Chuck Offenburger has big ideas for this corner building on the courthouse square in Jefferson.
You may have read an earlier column in which I told you about how the Juarez family arrived here before we were ready to accommodate newcomers. We scrambled to find a home, food and clothes to help the parents, both natives of Mexico and both undocumented in this country, and their two sons, who are U.S. citizens. But when the parents learned it was going to take time and money to help them try to obtain documentation, they left us. We were disappointed, too.
Last Monday, a panel of us talked about the Greene County initiative on “Julie Gammack’s Iowa Potluck” session on Zoom. Let me tell you more now.
What we’re trying to do here is actually working. Not nearly as fast as I perhaps naively hoped, but we’re on the right path.

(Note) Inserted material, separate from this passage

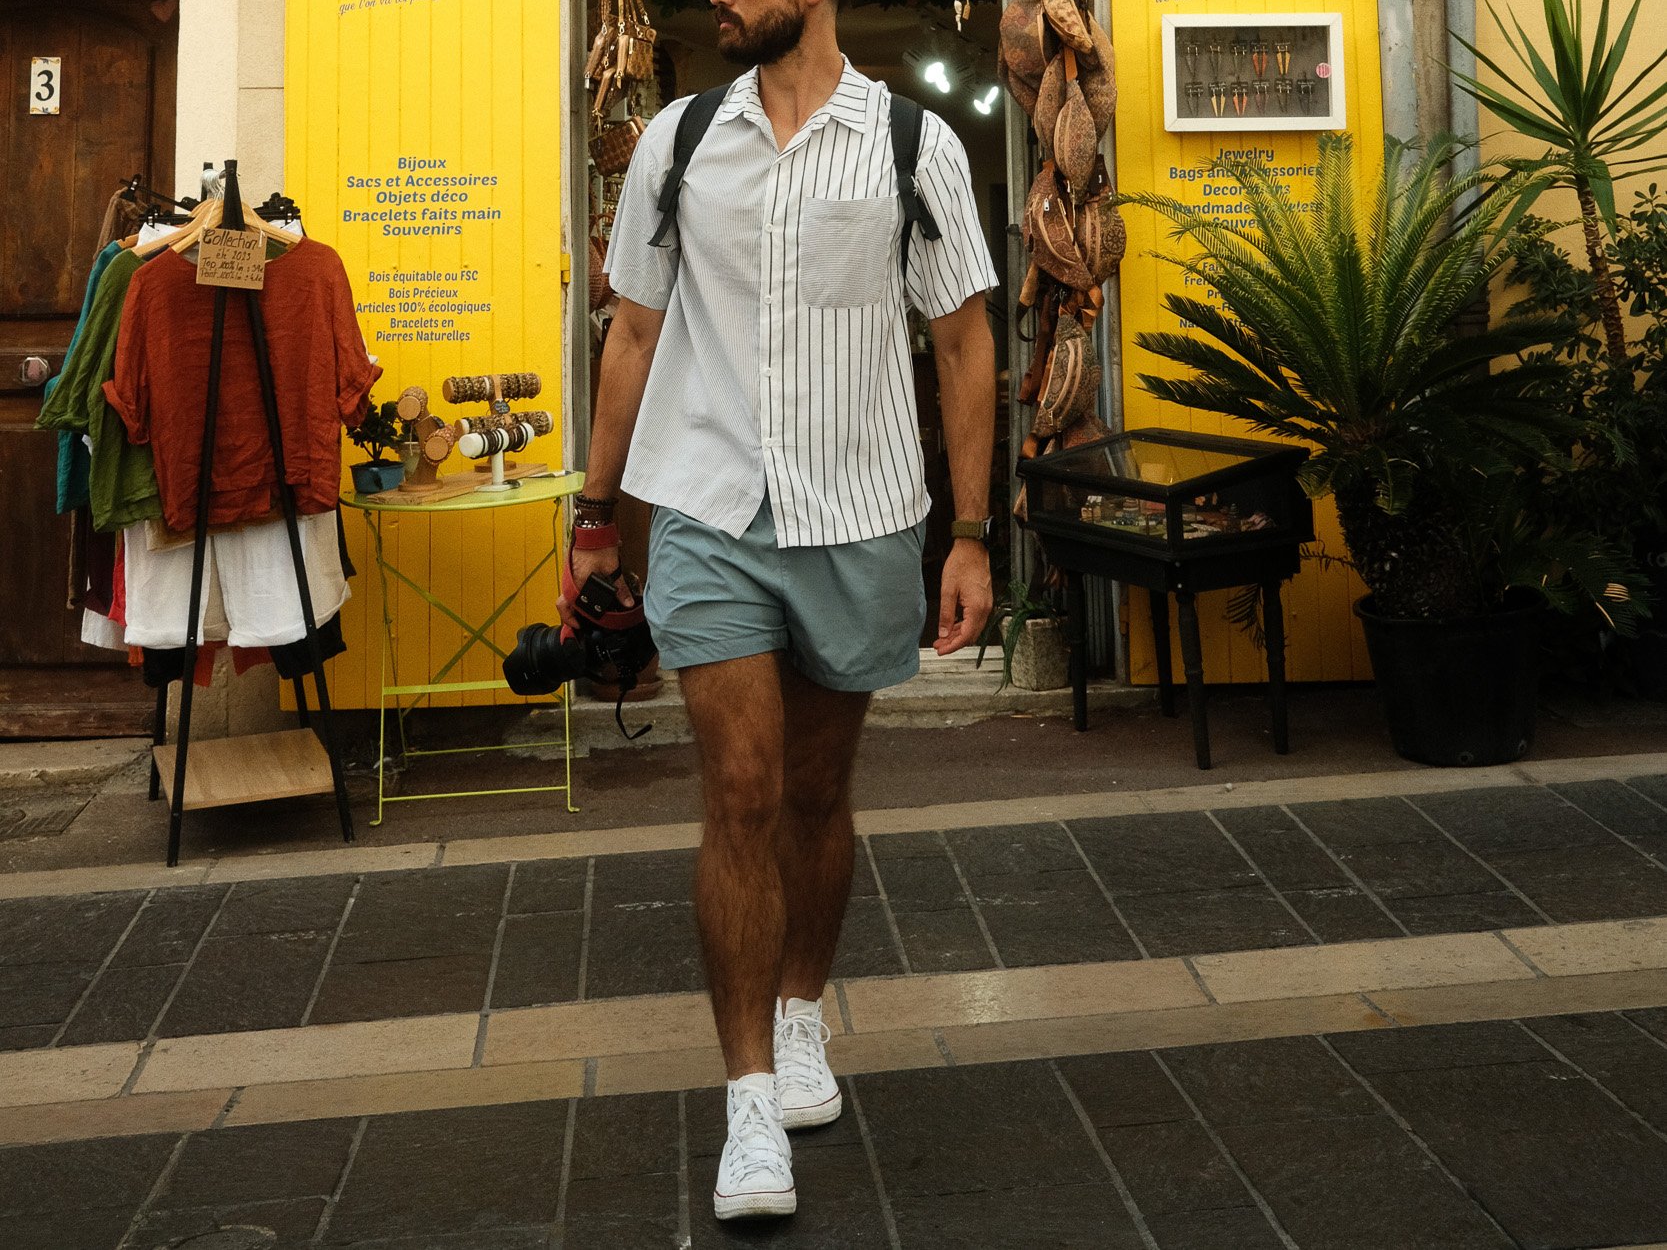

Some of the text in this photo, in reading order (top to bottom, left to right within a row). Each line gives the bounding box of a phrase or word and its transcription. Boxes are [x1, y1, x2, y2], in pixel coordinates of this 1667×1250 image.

The Jefferson Police Department, led by Chief Mark Clouse, is expecting to swear in its first Latino officer soon. The Greene County Schools, which have 25 or more students of Latino heritage, have proactively hired teachers qualified to teach “English Language Learners.” Superintendent Brett Abbotts says the school plans eventually to have “navigators” on staff who can help new students and their families coming from other countries and cultures adjust to their new surroundings here.
Positive steps.
But we’re also at a very critical stage for this initiative, and it’s time for other major players in our county to step up their interest and involvement.
Greene Country, located about 50 miles west and a little north of the Des Moines metro area, is one of the most productive places on Earth, in terms of our primary industry, agriculture. Grain farming leads our ag production, but livestock production has increased dramatically in the last decade. We have no meatpacking jobs, but there are plants in surrounding counties. There is one ethanol plant within the county, and two others and one bio-diesel plant just beyond our borders.
Our industrial base makes us unusual among rural counties. We have five large manufacturers – all in different kinds of metal fabrication – that were all home-grown, although two are now owned by global corporations. Two other major employers are the recently-rebuilt and expanded Greene County Medical Center and Wild Rose Casino & Resort.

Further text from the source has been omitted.